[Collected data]

***

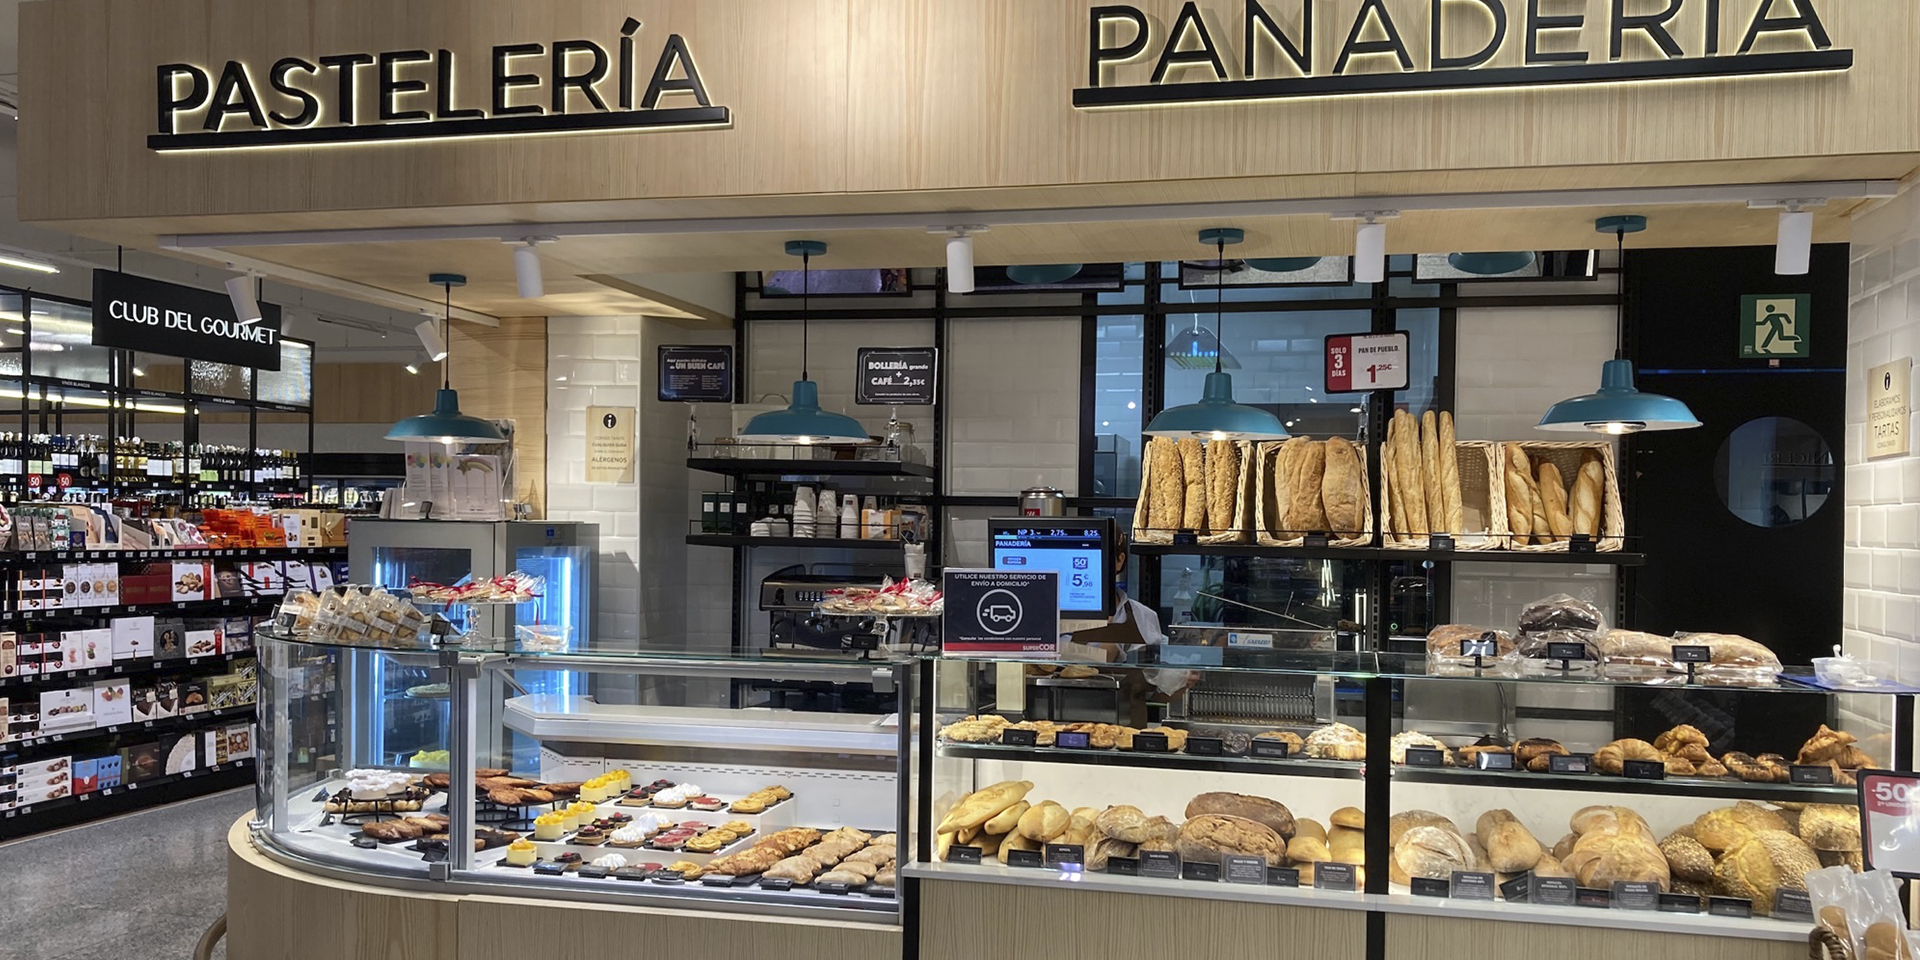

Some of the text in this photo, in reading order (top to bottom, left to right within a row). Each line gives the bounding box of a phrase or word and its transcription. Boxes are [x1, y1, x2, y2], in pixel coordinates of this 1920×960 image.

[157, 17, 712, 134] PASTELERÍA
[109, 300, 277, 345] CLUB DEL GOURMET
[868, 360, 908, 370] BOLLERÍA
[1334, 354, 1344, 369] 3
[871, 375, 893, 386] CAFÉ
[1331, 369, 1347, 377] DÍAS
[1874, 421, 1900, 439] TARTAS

***

→ **Exercise goal**
Omit every picture, then repeat the remaining data exactly as it appears above.

→ **Task response**
Some of the text in this photo, in reading order (top to bottom, left to right within a row). Each line gives the bounding box of a phrase or word and its transcription. Boxes are [x1, y1, x2, y2], in pixel coordinates of this 1920×960 image.

[157, 17, 712, 134] PASTELERÍA
[109, 300, 277, 345] CLUB DEL GOURMET
[868, 360, 908, 370] BOLLERÍA
[1334, 354, 1344, 369] 3
[871, 375, 893, 386] CAFÉ
[1331, 369, 1347, 377] DÍAS
[1874, 421, 1900, 439] TARTAS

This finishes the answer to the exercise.